Sanidad

El CNIO trata de salvar la 'interinidad' otorgando más poderes al director científico

Fue elegido por unanimidad (entre 25 candidatos) el pasado mes de septiembre por un Comité de Selección y por el Patronato del Centro

MADRID, 27/02/2026.- El hasta ahora gerente del Centro Nacional de Investigaciones Oncológicas (CNIO), José Manuel Bernabé, ha renunciado a su cargo, después de conocerse un presunto caso de acoso denunciado por la ex secretaria general. El patronato del CNIO, reunido este viernes en sesión extraordinaria, ha quedado informado de la renuncia de Bernabé. No obstante, ayer ya el Ministerio de Ciencia, Innovación y Universidades anunció que pediría en este órgano la destitución del gerente. EFE/...
Renuncia el gerente del CNIO, señalado por un presunto caso de acosoVictor LerenaAgencia EFE

El Centro Nacional de Investigaciones Oncológicas (CNIO) tratará de salvar la situación de interinidad en la que está inmerso otorgando más poderes al director científico en funciones, Fernando Peláez, y evitar así atascos en la gestión diaria.

Peláez ocupa el cargo de director científico de forma interina, hasta la llegada del nuevo director, Raúl Rabadán, quien se incorporará al cargo el próximo mes de mayo, cuando complete su etapa en la universidad estadounidense de Columbia.

El nuevo director científico del CNIO fue elegido por unanimidad (entre 25 candidatos) el pasado mes de septiembre por un Comité de Selección y por el Patronato del Centro, que designó también a José Manuel Bernabé como nuevo director gerente, aunque este ha renunciado al cargo tras conocerse un presunto caso de acoso denunciado por la ex secretaria general y su puesto está vacante.

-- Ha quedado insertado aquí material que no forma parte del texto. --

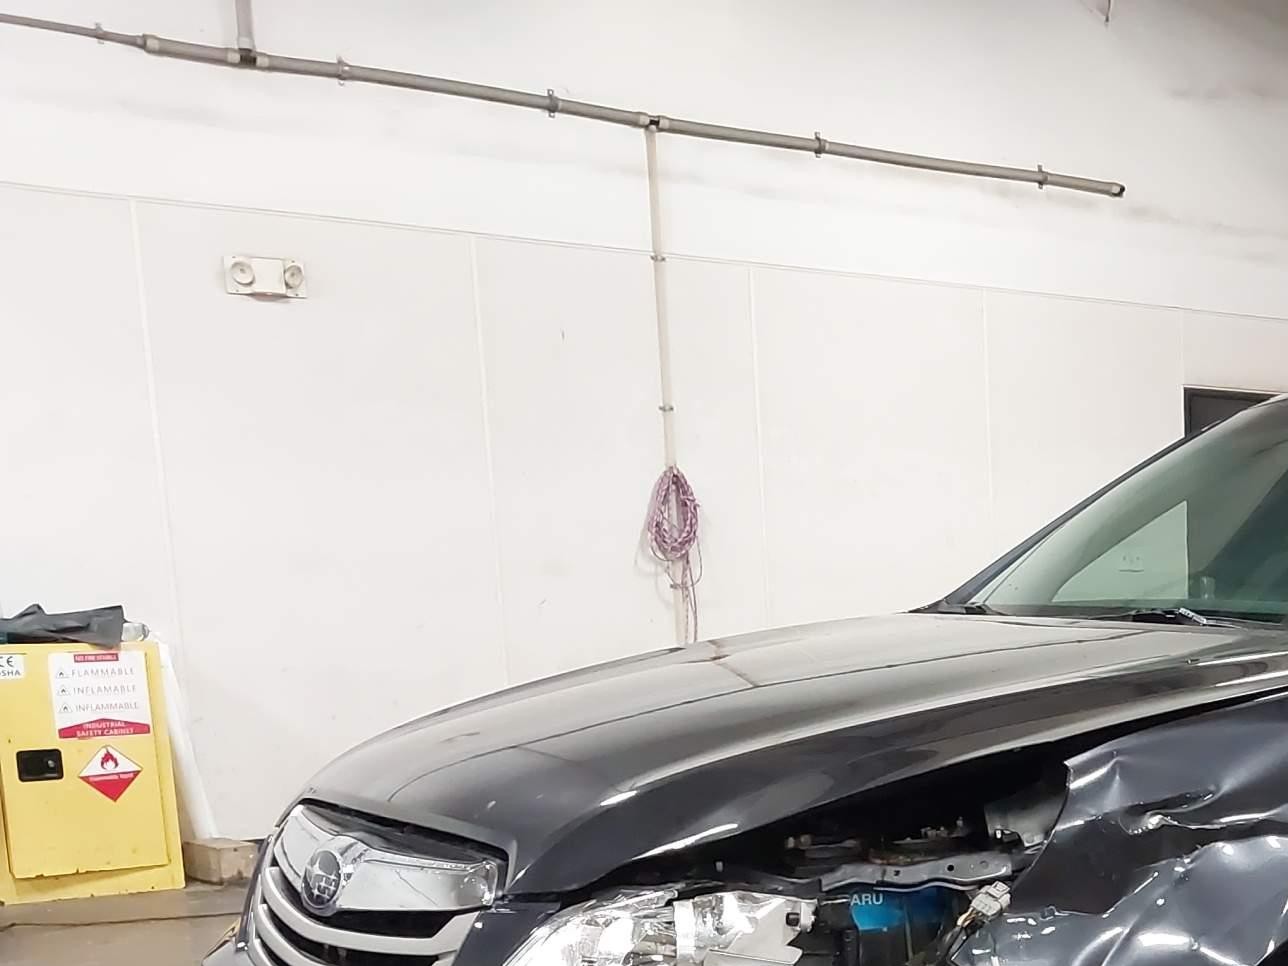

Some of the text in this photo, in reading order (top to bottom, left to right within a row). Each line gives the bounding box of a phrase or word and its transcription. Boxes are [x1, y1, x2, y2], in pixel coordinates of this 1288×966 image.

Unos 400 trabajadores del CNIO, entre ellos prácticamente todos los jefes de grupo y de unidad, han pedido al Patronato que adopte medidas para impedir que los problemas de gestión atasquen el funcionamiento diario de este centro, una situación que se ha resuelto de forma provisional otorgando poderes para firmar al actual director científico en funciones, han informado a EFE fuentes del centro.

La llegada de Rabadán al CNIO, prevista para el próximo mes de mayo, coincidirá con una nueva etapa de reorganización del centro, en el que tendrán más peso algunas áreas como la genómica, la biología computacional o la inteligencia artificial aplicada al cáncer.

El Centro ha aprobado un 'Plan de Actuación 2026', en el que se concretan ya medidas orientadas a la renovación científica, institucional y organizativa del centro, y el propio Rabadán participó en algunas reuniones internas preparatorias de ese plan, que pone el foco en las áreas más prometedoras para la investigación del cáncer y en un esfuerzo mayor en la investigación clínica y en la medicina de precisión.

El Plan pretende aumentar la integración entre investigadores básicos y clínicos y facilitar que los descubrimientos del laboratorio lleguen a plasmarse en ensayos clínicos, y los trabajadores del Centro han incidido en la carta que han dirigido al Patronato en la importancia de implementar las medidas previstas en el mismo.

La crisis del Centro Nacional de Investigaciones Oncológicas (CNIO) comenzó a finales de 2024, cuando la mitad de los jefes de grupo del centro pidió la apertura de una convocatoria internacional para relevar a la directora científica, María Blasco, en el cargo desde 2011.

Los firmantes denunciaron una caída de la competitividad científica, problemas de equipamiento, cuentas deficitarias y una falta de visión institucional, y a esas críticas se sumaron informaciones sobre denuncias por acoso laboral o abuso de poder y el rechazo por parte del Patronato del Plan de Actuaciones para 2025, así como la paralización de actividades vinculadas al programa CNIO-Arte y la petición de explicaciones exhaustivas sobre la situación económica y laboral del centro.

Antes de ser destituida, Blasco anunció que denunciaría ante la Fiscalía la bicefalia en la dirección del CNIO y acusó al ex gerente, Juan Arroyo, de presuntas irregularidades en contrataciones menores que, según expuso, sumaban alrededor de cuatro millones de euros.

El Patronato del CNIO decidió por unanimidad cesar tanto a Blasco como a Arroyo para iniciar una nueva etapa, al considerar que el clima interno era incompatible con la excelencia científica y, posteriormente, la Fiscalía Anticorrupción abrió diligencias tras una denuncia por supuestas irregularidades en la contratación pública.